Evaluating a management strategy for malrotation in heterotaxy patients.

BACKGROUND: There is disagreement over the management of malrotation in children with heterotaxy and congenital heart disease (CHD). We sought to evaluate the outcomes of management with a Ladd procedure compared to observation in this cohort of patients.

METHODS: We performed a retrospective review of CHD children with heterotaxy and malrotation identified on radiographs treated from 8/2002 until 4/2014. Primary outcomes evaluated were readmission for small bowel obstruction (SBO) or volvulus.

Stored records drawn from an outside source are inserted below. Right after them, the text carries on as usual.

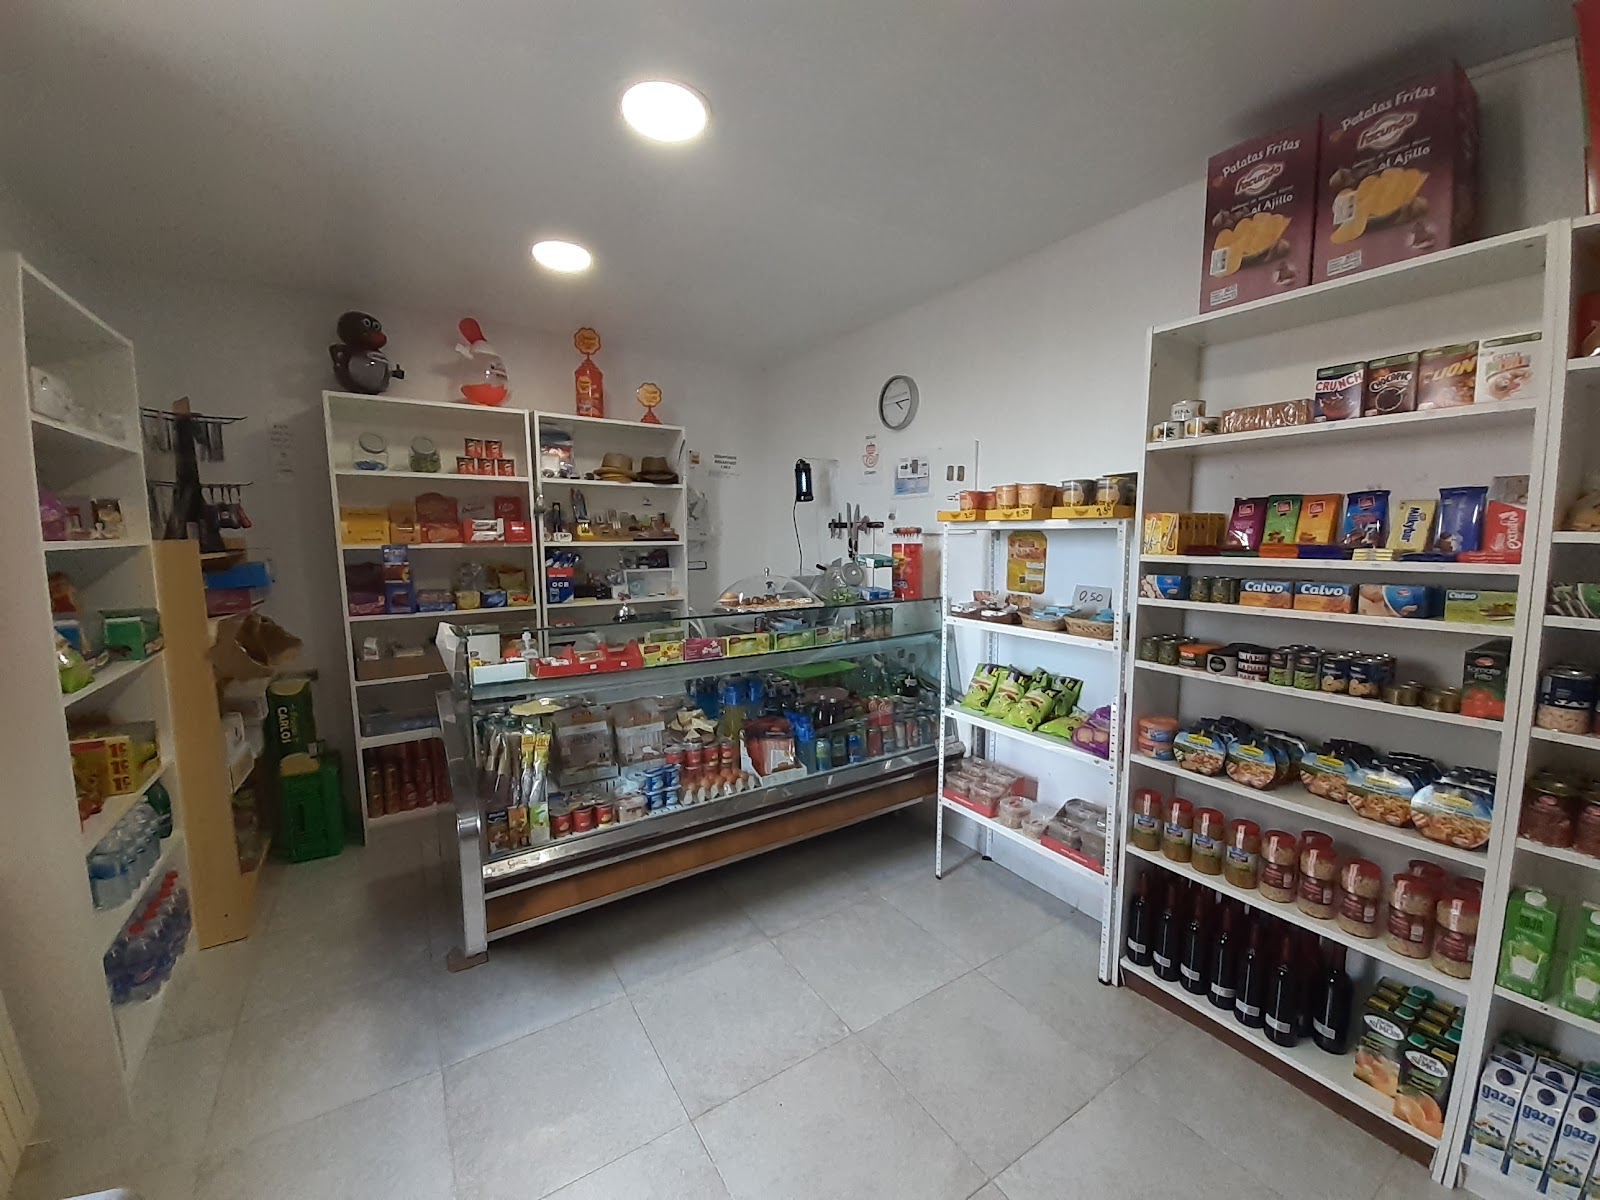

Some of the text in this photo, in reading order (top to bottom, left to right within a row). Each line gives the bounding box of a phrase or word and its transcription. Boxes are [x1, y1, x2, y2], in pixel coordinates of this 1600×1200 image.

[1341, 85, 1437, 131] Patatas Fritas
[1222, 138, 1300, 178] Patatas Fritas
[1378, 160, 1390, 171] al
[1394, 145, 1431, 166] Ajillo
[1251, 202, 1262, 214] al
[1264, 193, 1293, 211] Ajillo
[1433, 356, 1477, 380] LION
[1315, 371, 1363, 392] CRUNCH
[1369, 371, 1412, 392] CHOCAPIC
[1402, 507, 1420, 543] Milkybar
[1079, 590, 1103, 603] 0,50
[1245, 581, 1284, 594] Calvo
[1300, 582, 1344, 597] Calvo
[1449, 591, 1476, 600] Calvo
[1467, 665, 1502, 676] Tomate
[1481, 1084, 1516, 1107] gaza
[1522, 1104, 1556, 1127] gaza
[1563, 1123, 1597, 1145] gaza

RESULTS: We identified 88 patients with cardiac heterotaxy and malrotation. Sixty-eight (77%) had a Ladd procedure. Eighteen (26%) of the 68 had abdominal symptoms, but only one had an underlying volvulus without ischemia. Twenty (23%) patients died of cardiopulmonary complications, 8 before and 12 after the Ladd procedure. Sixty-eight patients survived to the review date (median: 5years): 56 in the Ladd cohort and 12 observed. Six of the 56 (11%) surviving Ladd patients were readmitted to hospital with an SBO, and 2 required surgical intervention. None of the 12 surviving nonoperative patients developed a volvulus.

CONCLUSION: Eleven percent of patients developed SBO after their Ladd procedure. Conversely, no observed patients developed a volvulus. This suggests that complications from a Ladd procedure occur with higher frequency than complications from observing heterotaxy patients with malrotation.